Так, когда первый болгарский князь повел самостоятельную политику, несогласную с тенденциями опекавшей его русской дипломатии, или когда окончательно провалилась в Болгарии «миссия» генерала Н. В. Каульбарса (см.), посланного усилить русское влияние в Болгарии, или когда, после низвержения Александра Баттенбергского (см. V, 85/87), новым болгарским князем был избран (7 июля 1887 г.) австрийский ставленник принц Фердинанд Кобургский, — то русская дипломатия ограничивалась либо пассивными протестами, либо неодобрительными заявлениями, либо (многолетним) непризнанием нового князя болгарского, но не было и речи о военных выступлениях. Таков точно был образ действий Александра III и во всех других вопросах внешней политики. В Средней Азии поступательное движение России, начатое в предшествовавшее царствование, успешно продолжалось. В 1884 году русские заняли богатейший Мерв и близко подошли к границе Афганистана (см. XLI, ч. 4, 278). Афганский эмир Абдурахман пытался силой воспротивиться дальнейшему движению русских по долине реки Кушки, но 30 марта 1885 года был разбит генералом Комаровым. Завоевание богатейшей области сопровождалось ликованиями «патриотической» русской прессы, с умилением отнесшейся даже к тому изумившему Европу факту, что Александр III выделил (высочайшим повелением 6 августа 1887 г.) из только что завоеванной Мервской территории громадный кус в восемьдесят тысяч десятин наиболее плодородной земли с роскошной субтропической растительностью и присвоил его лично себе, так и назвав: государево Мургабское имение. Этот факт очень характерен для воззрений петербургского абсолютизма на колониальные завоевания. Нравы и воззрения примитивного испанского конкистадорства тут тесно сплетались с традиционным взглядом на все вообще подвластные России земли как на вотчину династии Романовых.
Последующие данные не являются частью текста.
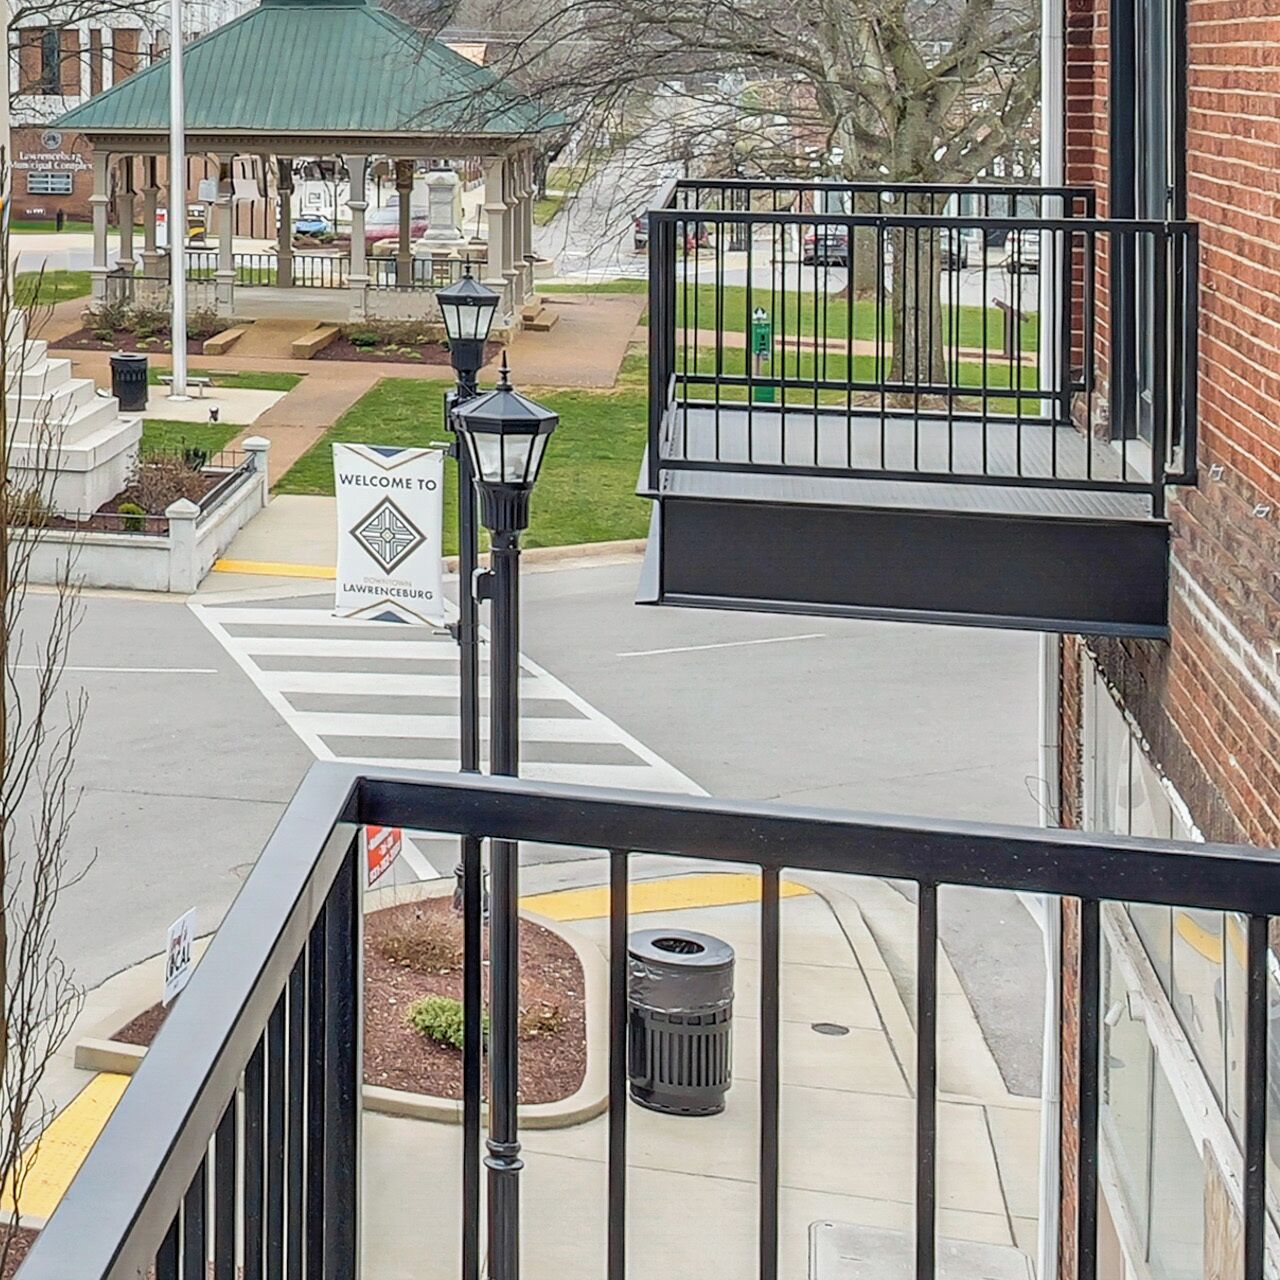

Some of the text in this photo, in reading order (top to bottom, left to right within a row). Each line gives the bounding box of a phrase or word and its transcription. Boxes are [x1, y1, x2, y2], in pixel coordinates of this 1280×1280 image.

[339, 473, 437, 491] WELCOME TO
[343, 583, 433, 600] LAWRENCEBURG
Но завоевание Мерва породило крайнее беспокойство в Англии, особого рода тревогу, которую тогда же в английской политической прессе прозвали по аналогии с «нервностью» (nervousness) — «мервностью» (mеrvousness), от слова Мерв. Уже мерещилась война. Королева Виктория обратилась по желанию кабинета с личным письмом к Александру III. Царь пошел на уступки, согласился на созыв особой комиссии по установлению прочной, постоянной границы между новым русским владением и Афганистаном, и эта разграничительная комиссия выработала приемлемое для обеих сторон решение. Она, правда, заседала несколько лет, и дело кончилось тем, что по ее решению (уже в 1895 г.) Россия и Англия отхватили от Афганистана по обоюдному согласию несколько новых кусков афганской территории. Но, во всяком случае, призрак русско-английской войны рассеялся. Отношения с Англией оставались все же напряженными. Отношения к Германии и Австрии тоже дружественными не были. Александр III не согласился в 1887 году на возобновление «соглашения» трех императоров (Германии, Австрии, России), заключив лишь названный так Бисмарком «договор о перестраховке» (см. XLVII, 45/46). Но уже в 1890 году, после отставки Бисмарка, договор возобновлен не был, вследствие нежелания нового германского императора Вильгельма II. Тогда Александр решился на давно ему подсказываемый с французской стороны франко-русский союз. Союз и был заключен в 1891 году, хотя самое это слово долго не произносилось официально (см. XXXIX, 59/61, и XLVII, 46/49). Русская торговля и промышленность нуждались в свободных французских капиталах, парижская биржа искала надежных вложений капитала и высоких процентов. Министр финансов Витте желал не зависеть в государственных займах от Берлина. Французы после нескольких опаснейших инцидентов на германской границе, чуть было не приведших к войне (инцидент с арестом немцами французского комиссара Шнебеле 1886-1887 г.; см. XXXIX, 60/61, и др.), с особенной энергией искали сильных союзников. Все это способствовало заключению союза. Реакционнейший из всех монархов, Александр III согласился стоя слушать «Марсельезу» и дружить с безбожной парламентарной демократической республикой. Существование союза позволило Витте сначала (в 1892-1893 гг.) грозить Германии таможенной войной, а потом и начать эту войну, когда речь шла о заключении русско-германского торгового договора (в 1894 г. договор этот и был заключен на довольно выгодных для русской промышленности и торговли условиях).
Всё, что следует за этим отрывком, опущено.